8-years-old female boxer with pelvic limbs weakness and leishmaniosis. In the radiographic study of the lumbar spine, a soft tissue lesion with mineralizations at the ventral aspect of the vertebral bodies of L7-S1 was seen. An abdominal CT was performed.
There is an ill-defined and heterogeneous soft tissue mass in the ventral aspect of the lumbosacral region (red arrows). This lesion seems to originate from the ventral aspect of the vertebral bodies of L7-S1 and hypaxial musculature, affecting the psoas major and minor muscles. The mass has an amorphous bone attenuation component. In the post-contrast series, the soft tissue component of the mass shows a marked heterogeneous contrast enhancement. The osseous structures do not show evident abnormalities at this level.
The mass causes a moderate mass effect displacing ventrally the major abdominal vessels (caudal vena cava and aorta), with marked compression of the right common iliac vein (blue arrows). The most caudal portion of the latest is embedded within the mass (green arrow), without being clearly visible at this level. More caudally, the external iliac vein can be seen, with normal appearance.
There is ventral displacement of the urinary bladder’s neck (orange arrows) and colon (blue arrows).
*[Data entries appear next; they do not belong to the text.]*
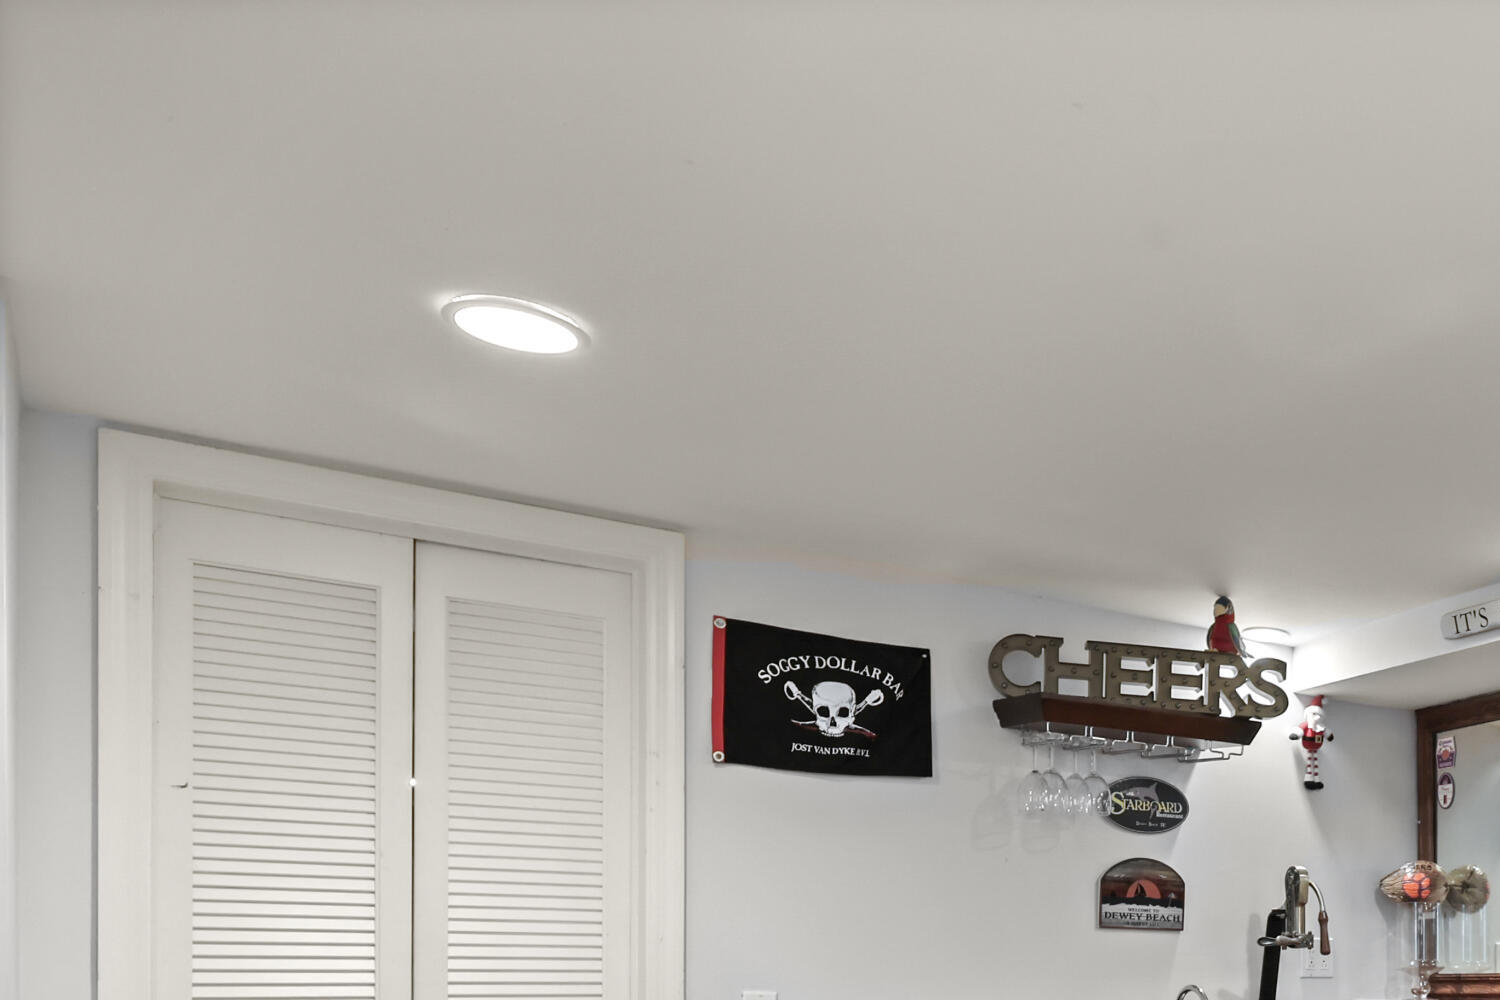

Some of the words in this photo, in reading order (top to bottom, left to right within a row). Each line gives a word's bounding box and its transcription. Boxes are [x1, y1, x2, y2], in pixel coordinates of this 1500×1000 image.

[1452, 607, 1489, 634] IT'S
[757, 655, 811, 684] SOGGY
[814, 654, 882, 680] DOLLAR
[882, 672, 905, 701] BAR
[988, 633, 1289, 720] CHEERS
[791, 742, 813, 752] JOST
[813, 745, 831, 755] VAN
[832, 747, 855, 756] DYKE
[1111, 791, 1183, 815] STARBOARD
[1104, 911, 1143, 920] DEWEY
[1146, 913, 1181, 923] BEACH
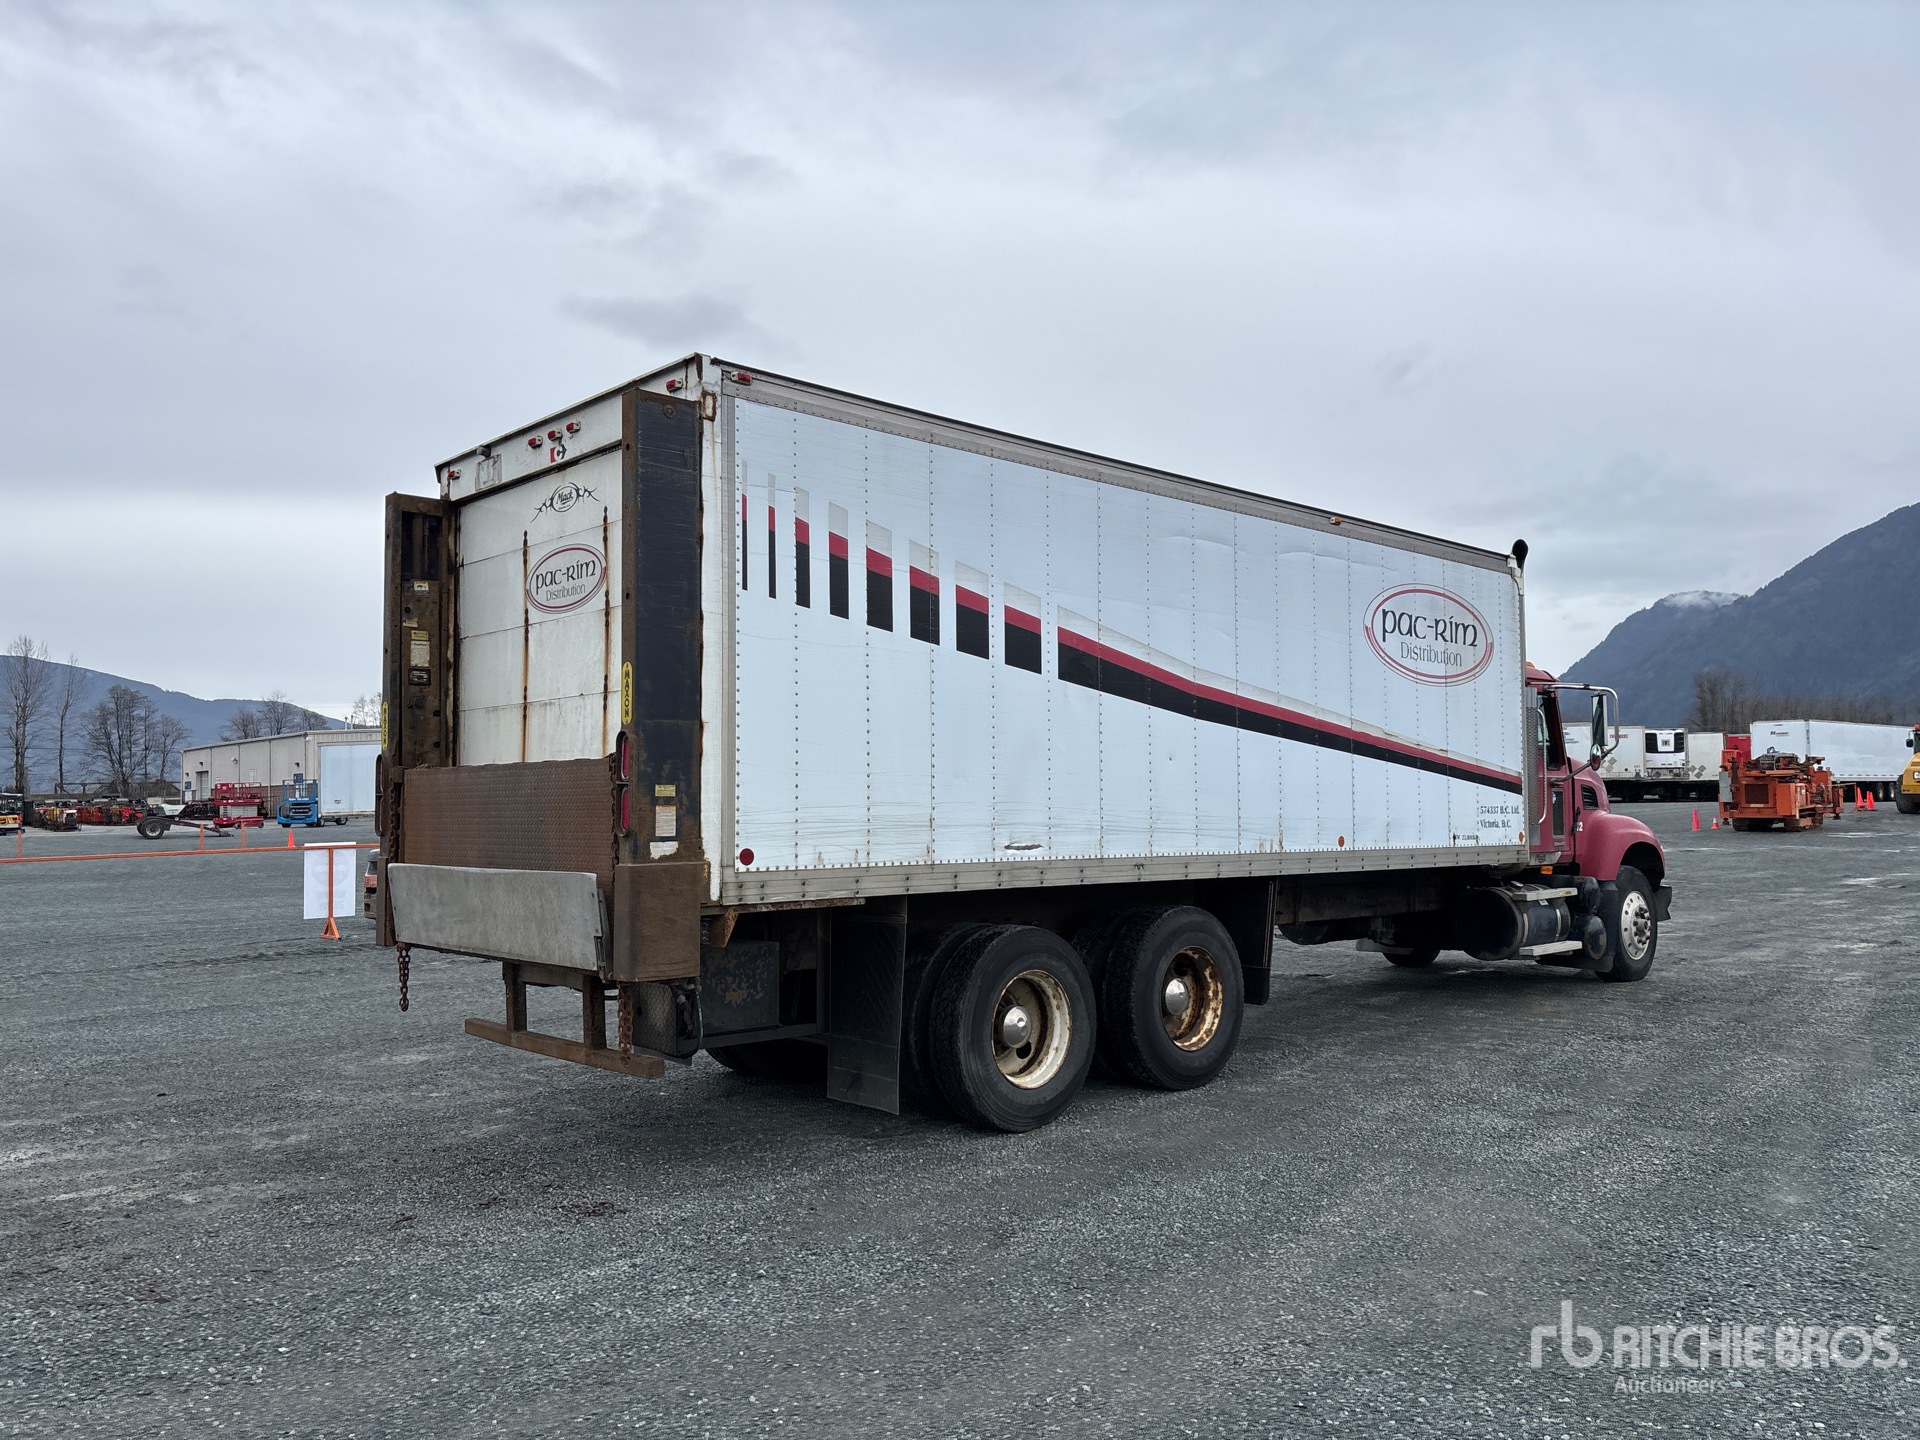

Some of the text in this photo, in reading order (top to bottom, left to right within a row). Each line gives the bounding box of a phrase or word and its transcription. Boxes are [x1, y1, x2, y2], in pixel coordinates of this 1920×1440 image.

The sacral lymph nodes are mildly enlarged (left > right) with homogeneous contrast enhancement (green arrows). The left medial and internal iliac lymph nodes are normal. However, the right lymph nodes are not clearly visualized because of the mass.
There is spondylosis deformans in the lumbosacral region extending laterally and dorsally with narrowing of the L7-S1 intervertebral foraminae (green arrows).
- Sublumbar mass, with mixed bone and soft tissue components, related to the vertebral bodies of L7-S1, affecting the hypaxial musculature. This is most likely consistent with neoplasia (sarcoma – sublumbar extra-skeletal osteosarcoma or other sarcomas). Benign bone lesions or granulomatous lesions are unlikely given its characteristics.
- Compression of the common iliac vein due to the mass. Invasion of this vessel by the mass cannot be ruled out.
- Sacral lymphadenopathy (left > right): metastatic vs reactive
- Mild spondylosis deformans and stenosis of both L7-S1 intervertebral foraminae – degenerative and incidental finding most likely, but nerve root compression cannot be ruled out -.
Fine needle aspiration of the mass is recommended in order to reach a definitive diagnosis. Ultrasound evaluation of the vasculature adjacent to the mass could be considered. The mass and the affection of the vasculature or the changes at the lumbosacral level could explain the patient’s clinical signs; nerve involvement at this level cannot be ruled out.